Diego was Giacometti’s most important and enduring model. The subject of Alberto’s very first sculpture and his greatest confidant and constant companion, Diego became for Giacometti more than simply a model whose physiognomy he translated into visual form. His appearance and presence were so ingrained into the artist’s psyche that he became an intrinsic part of his vision, and more than this, an extension of himself. As Giacometti described, Diego was, ‘the one I know best’, or as Yves Bonnefoy has written, ‘In the presence of someone who is, as it were, his double, Giacometti more than ever is witness to the mystery of existence, like Hamlet thinking of Yorick, in front of a skull in the dust’ (Y. Bonnefoy, Alberto Giacometti: A Biography of his Work, trans. J. Stewart, Paris, 1991, p. 432).

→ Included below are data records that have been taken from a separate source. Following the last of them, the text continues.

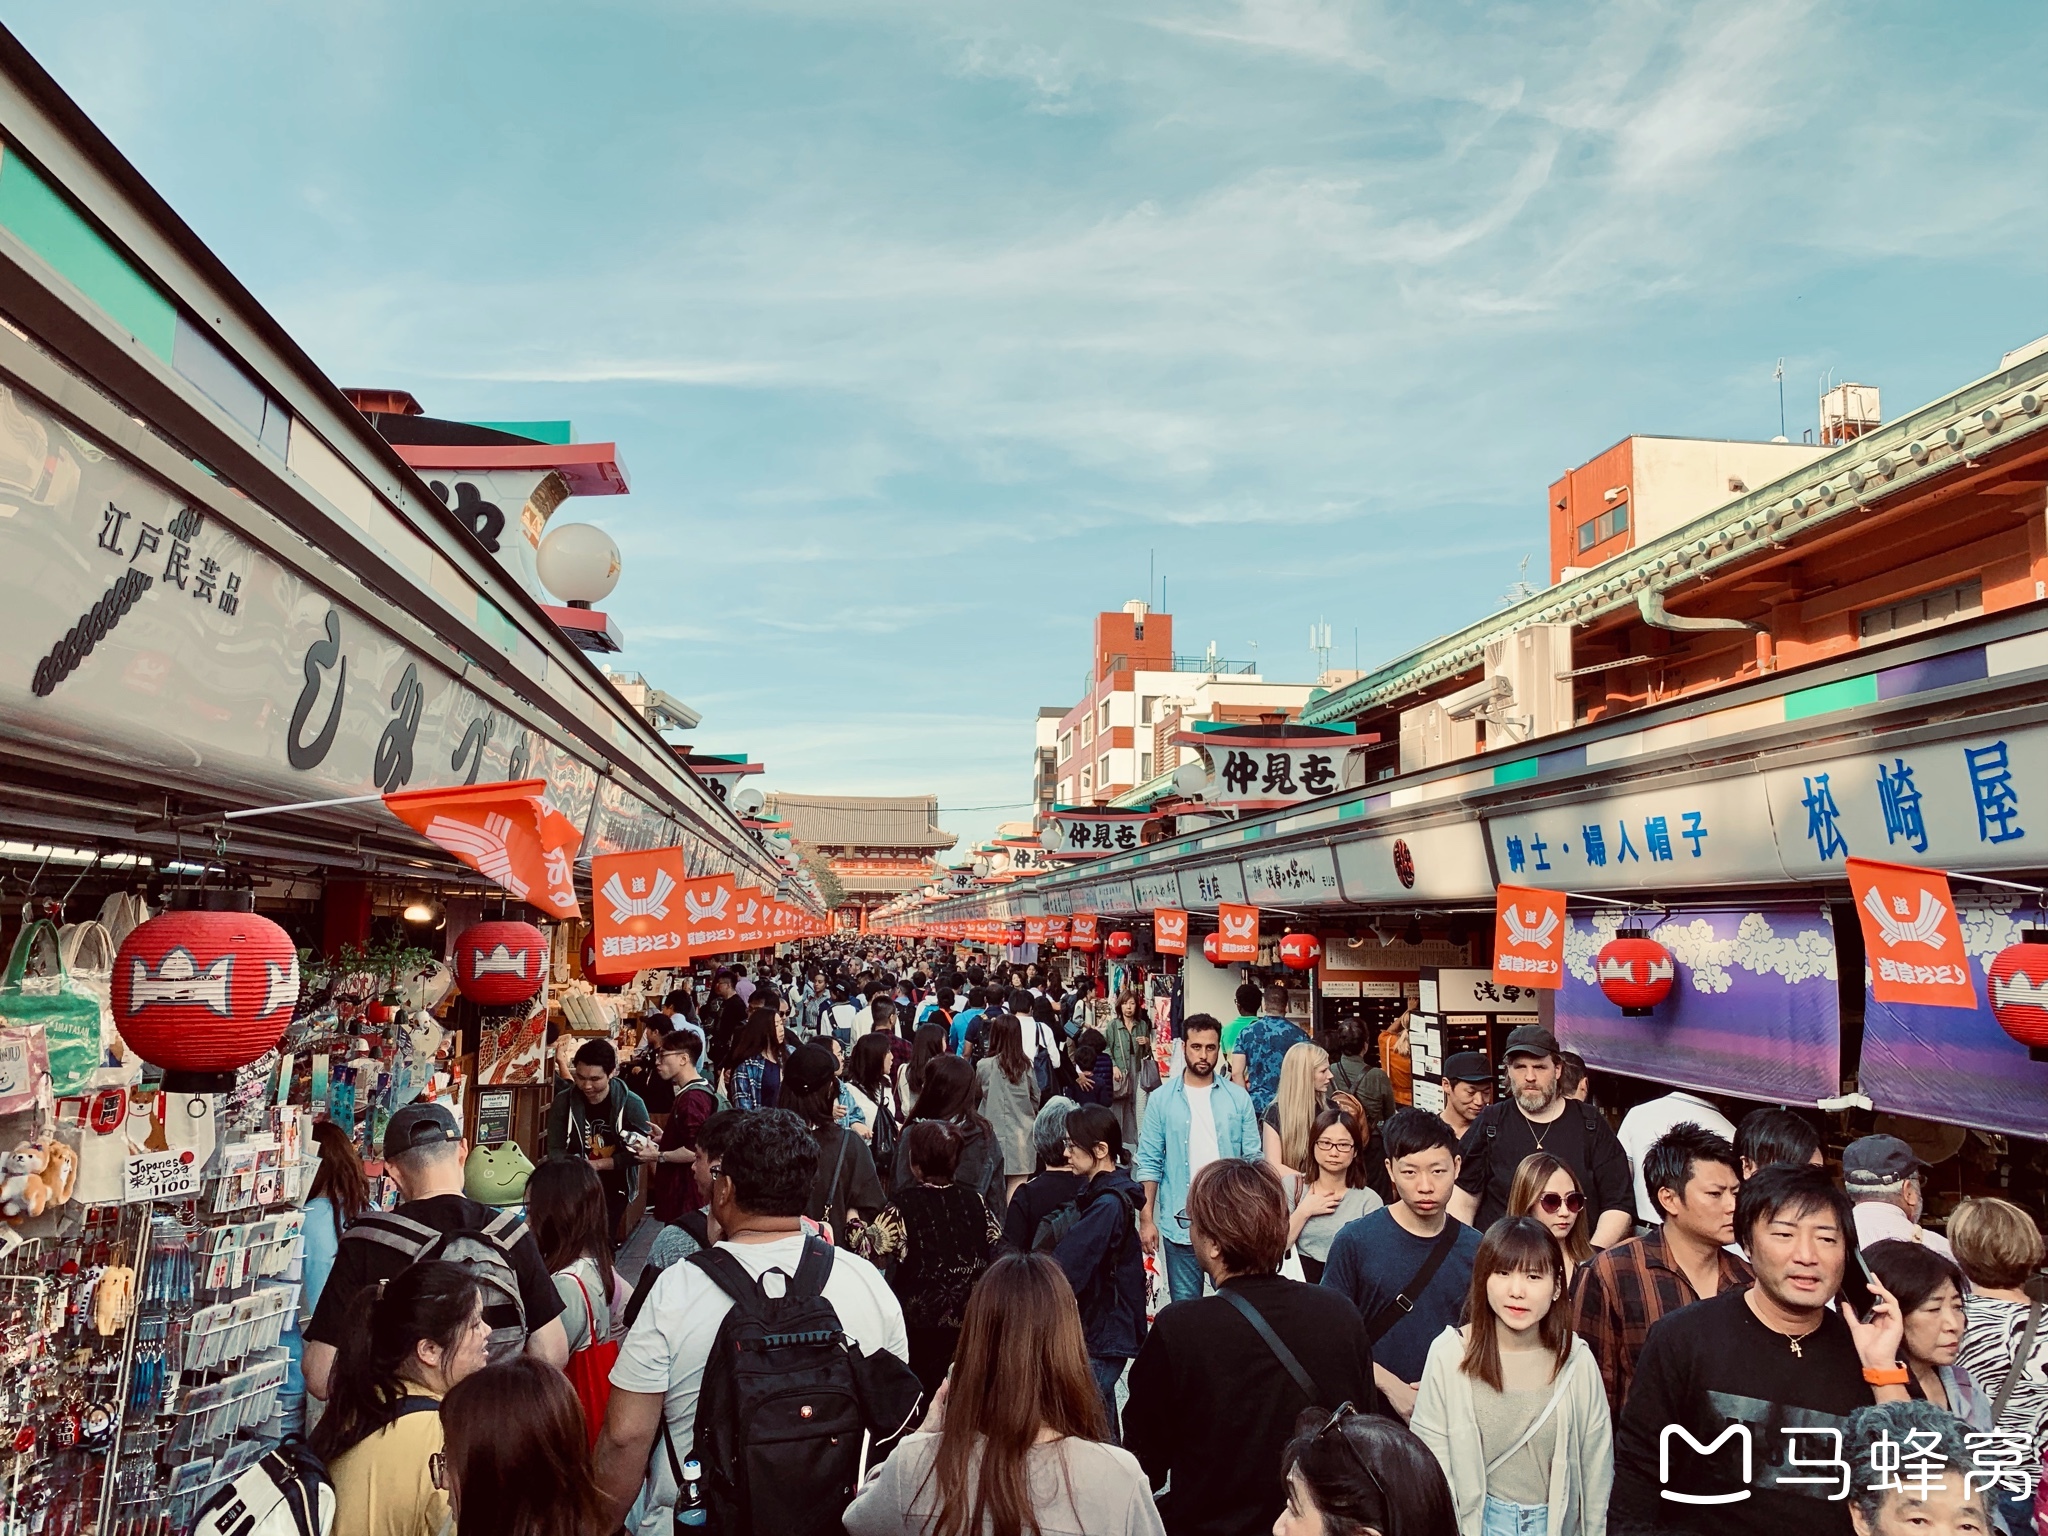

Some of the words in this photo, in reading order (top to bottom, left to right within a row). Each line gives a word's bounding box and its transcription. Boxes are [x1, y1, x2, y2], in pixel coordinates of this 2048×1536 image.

[99, 502, 241, 616] 江戸民芸品
[1801, 741, 2026, 861] 松崎屋
[1506, 811, 1708, 873] 紳士・婦人帽子
[1499, 953, 1558, 974] 浅草おどり
[1877, 957, 1966, 986] 浅草おどり
[129, 1172, 160, 1189] 柴犬
[160, 1164, 195, 1179] Dog
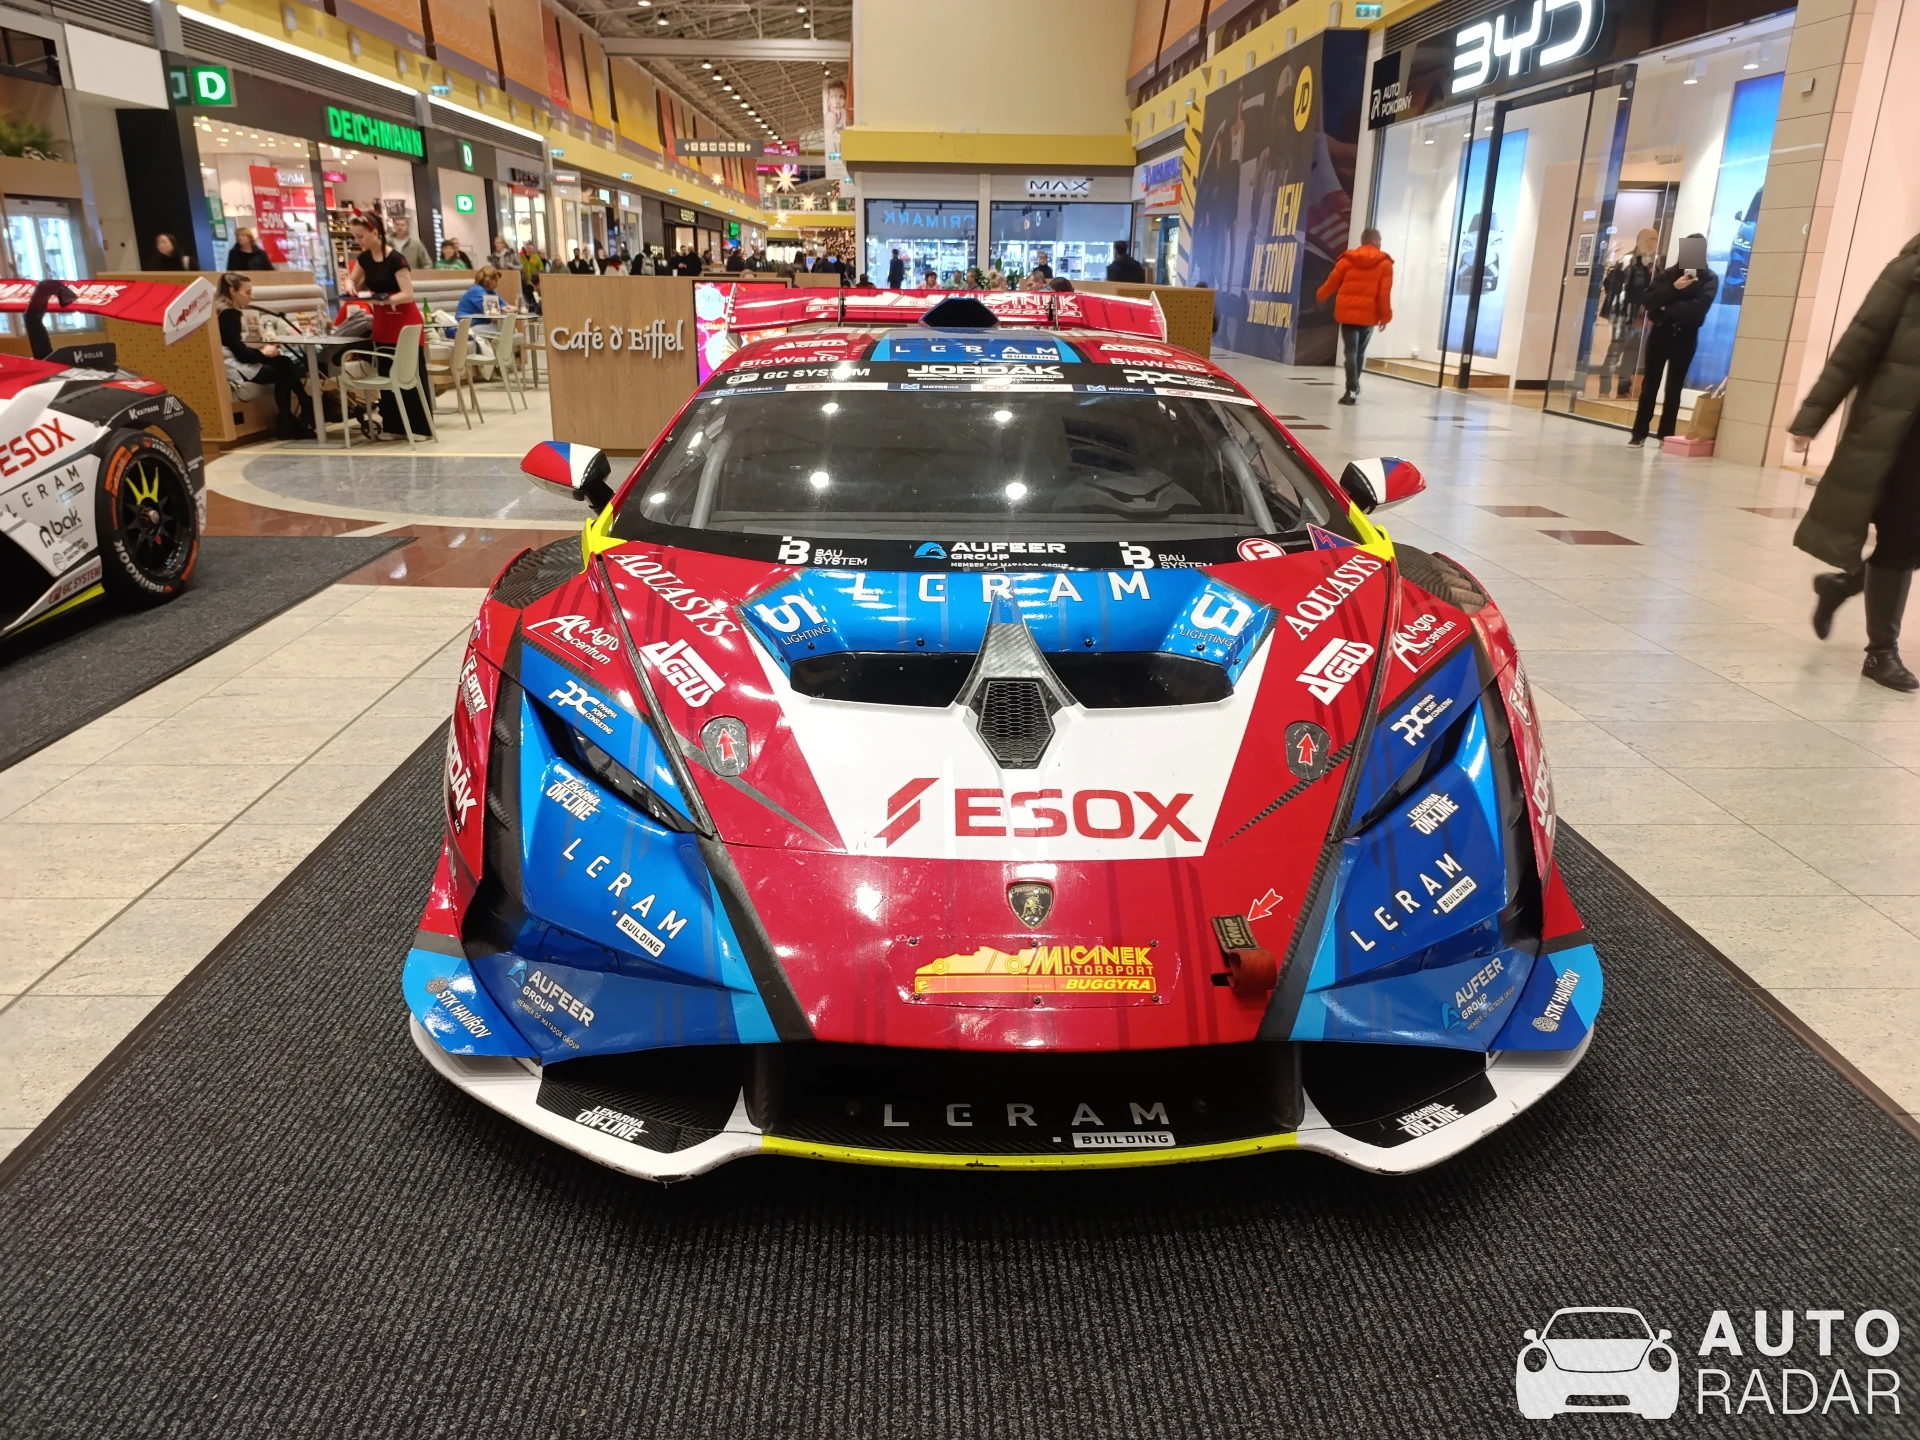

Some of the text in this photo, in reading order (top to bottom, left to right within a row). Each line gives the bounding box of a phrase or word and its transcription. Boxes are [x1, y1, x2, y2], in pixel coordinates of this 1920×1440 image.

[198, 71, 226, 100] D
[1383, 82, 1400, 100] AUTO
[1381, 91, 1412, 117] POKORNÝ
[327, 105, 423, 157] DEICHMANN
[1030, 180, 1088, 190] MAX
[457, 195, 473, 211] D
[1272, 182, 1304, 237] NEW
[1249, 242, 1298, 293] IN TOWN
[550, 318, 603, 358] Café
[895, 345, 1058, 355] LERAM
[740, 355, 840, 368] BioWaste
[763, 371, 790, 380] GC
[793, 368, 871, 379] SYSM
[1110, 357, 1208, 373] BioWaste
[1122, 369, 1188, 385] PPC
[0, 417, 76, 477] ESOX
[815, 548, 843, 557] BAU
[951, 542, 1067, 553] AUFEER
[813, 557, 868, 566] SYSTEM
[73, 566, 101, 588] SYSTEM
[853, 573, 1150, 603] LERAM
[608, 553, 739, 638] AQUASYS
[1284, 554, 1382, 640] AQUASYS
[781, 624, 831, 645] LIGHTING
[1180, 627, 1236, 647] LIGHTING
[1404, 614, 1436, 636] Agro
[1426, 621, 1457, 643] centrum
[570, 638, 611, 665] centrum
[467, 672, 488, 713] ENTRY
[584, 711, 614, 735] CONSULTING
[591, 707, 608, 720] POINT
[597, 702, 618, 718] PHARMA
[546, 782, 597, 821] ON-LINE
[563, 778, 600, 805] LEKARNA
[955, 788, 1202, 843] ESOX
[1407, 793, 1441, 820] LEKARNA
[1415, 796, 1459, 834] ON-LINE
[563, 837, 688, 940] LERAM
[1442, 879, 1473, 909] BUILDING
[1350, 853, 1463, 952] LERAM
[622, 918, 662, 954] BUILDING
[1224, 918, 1246, 945] OMP
[1065, 978, 1151, 990] BUGGYRA
[1455, 957, 1505, 1008] AUFEER
[522, 985, 555, 1013] GROUP
[528, 970, 595, 1027] AUFEER
[1461, 993, 1487, 1020] GROUP
[1467, 1016, 1483, 1031] MEMBER
[1488, 996, 1504, 1012] MATADOR
[1503, 985, 1515, 998] GROUP
[1544, 1000, 1565, 1020] STK
[436, 990, 492, 1038] STK HAVÍŘOV
[517, 998, 580, 1050] MEMBER OF MATADOR GROUP
[576, 1109, 643, 1142] ON-LINE
[592, 1105, 645, 1128] LEKARNA
[884, 1102, 1170, 1127] LERAM
[1396, 1102, 1445, 1128] LEKARNA
[1405, 1104, 1466, 1137] ON-LINE
[1081, 1134, 1169, 1145] BUILDING

Giacometti’s artistic aim in both his sculpture and painting was essentially the same: to explore the relationship of a figure within space. As a result, the figures in the artist’s two-dimensional work are imbued with the same powerful physical presence as his sculptures, depicted with myriad layers of paint and line built up on the surface of the canvas. In the present work, the figure is surrounded by a halo of dense grey paint out of which it appears simultaneously to emerge and dissolve. ‘Forms and space “bleed” into each other’, Valerie Fletcher has written about paintings such as the present work, ‘denying to some extent the subject’s autonomy, solidity and permanence while simultaneously endowing “empty” space with an almost tangible presence. When the subjects of his paintings have a startling immediacy yet also remain elusive and ephemeral, Giacometti had achieved a successful pictorial equivalent for his perception of reality’ (V.J. Fletcher, ‘Giacometti’s Paintings’, Alberto Giacometti, 1901-1966, exh. cat., Royal Academy of Arts, London 1996, p. 29).